Et elle s’est donné les moyens d’être heureuse ?
Oui, comme elle a vraiment souffert dans l’enfance, elle était très consciente d’avoir eu la chance de s’en sortir par les rôles, par le succès, par les gens qui l’entouraient, et elle a mis les bouchées doubles. Elle a senti que c’était là qu’elle pouvait exister, qu’elle pouvait être heureuse, donc elle y est allée à fond. Elle était à l’origine de sa vie. C’est beau d’avoir une vie qui ressemble à celle qu’on a voulue. Je l’adore. Je suis intarissable. C’est incroyable qu’il ait fallu autant de temps avant qu’un film lui soit consacré en France. Mais tant mieux pour moi ! C’est notre star à nous. C’est notre première grande star mondiale à nous. Voilà, et c’est nous qui lui aurons donné l’attention qu’elle mérite, avec un vrai cinéaste, un vrai parti pris, et une vraie envie de jouer.

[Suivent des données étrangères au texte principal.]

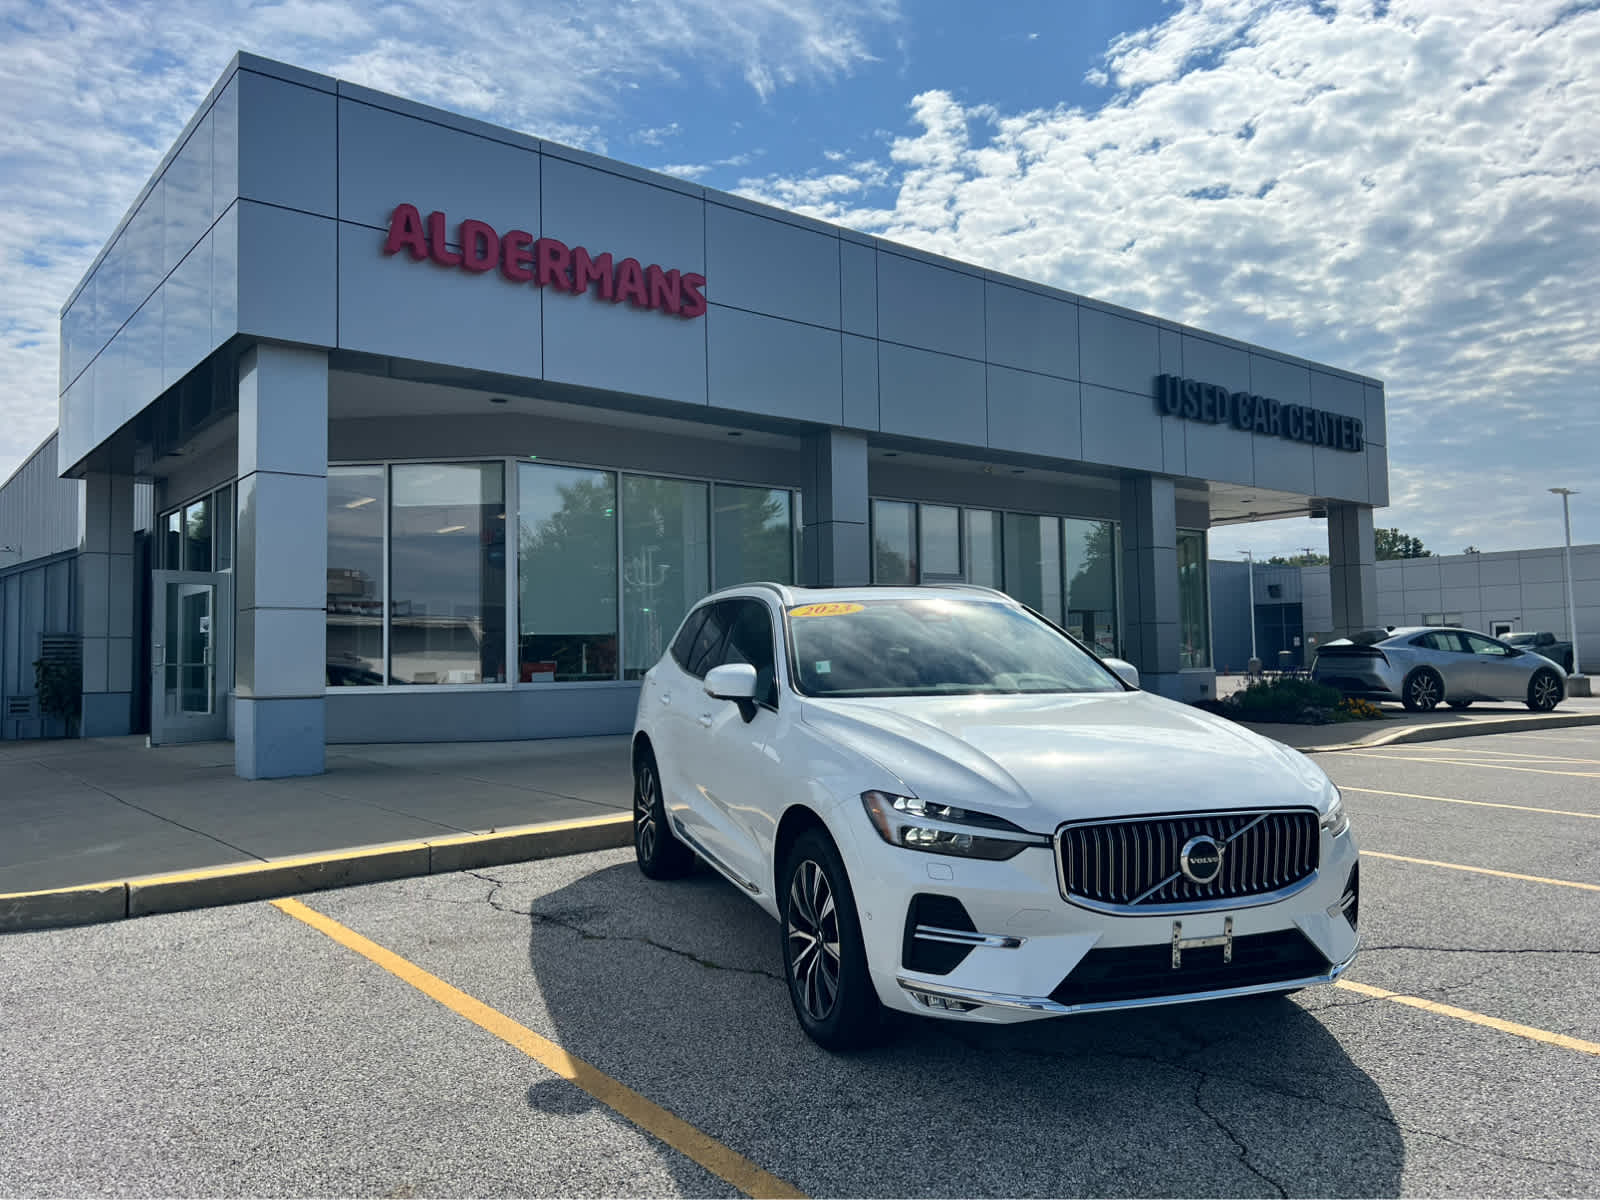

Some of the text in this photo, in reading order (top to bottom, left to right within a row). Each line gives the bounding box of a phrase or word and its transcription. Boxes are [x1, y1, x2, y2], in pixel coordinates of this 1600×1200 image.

C’est un rôle qui va compter ?
Il y a des rôles qui vous changent, des rôles qui vous donnent vraiment l’impression de faire une rencontre. Comme quand on rencontre quelqu’un et que cette personne vous change, vous ouvre un monde, vous ouvre à autre chose. Eh bien, il y a des personnages, sur toutes ces années, je pense que c’est au nombre de 7 ou 8 maxi, qui font partie de moi pour toujours, qui m’ont fait évoluer et qui m’ont fait comprendre des choses, qui m’ont emmenée vers des choses nouvelles. Celui-là en fait partie. Tout à coup, de se frotter à quelqu’un qui a vécu tout ça, qui n’avait si peur de rien. Je pense qu’elle m’a donné envie d’avoir moins peur, moins peur de la réponse, moins peur de poser des questions, moins peur de dire non, moins peur de vexer, moins peur de ceci ou de cela. Moi, je suis assez précautionneuse, et parfois dans l’intimité, j’ai peur des réponses. Et maintenant ça, c’est fini, et c’est un peu grâce à elle.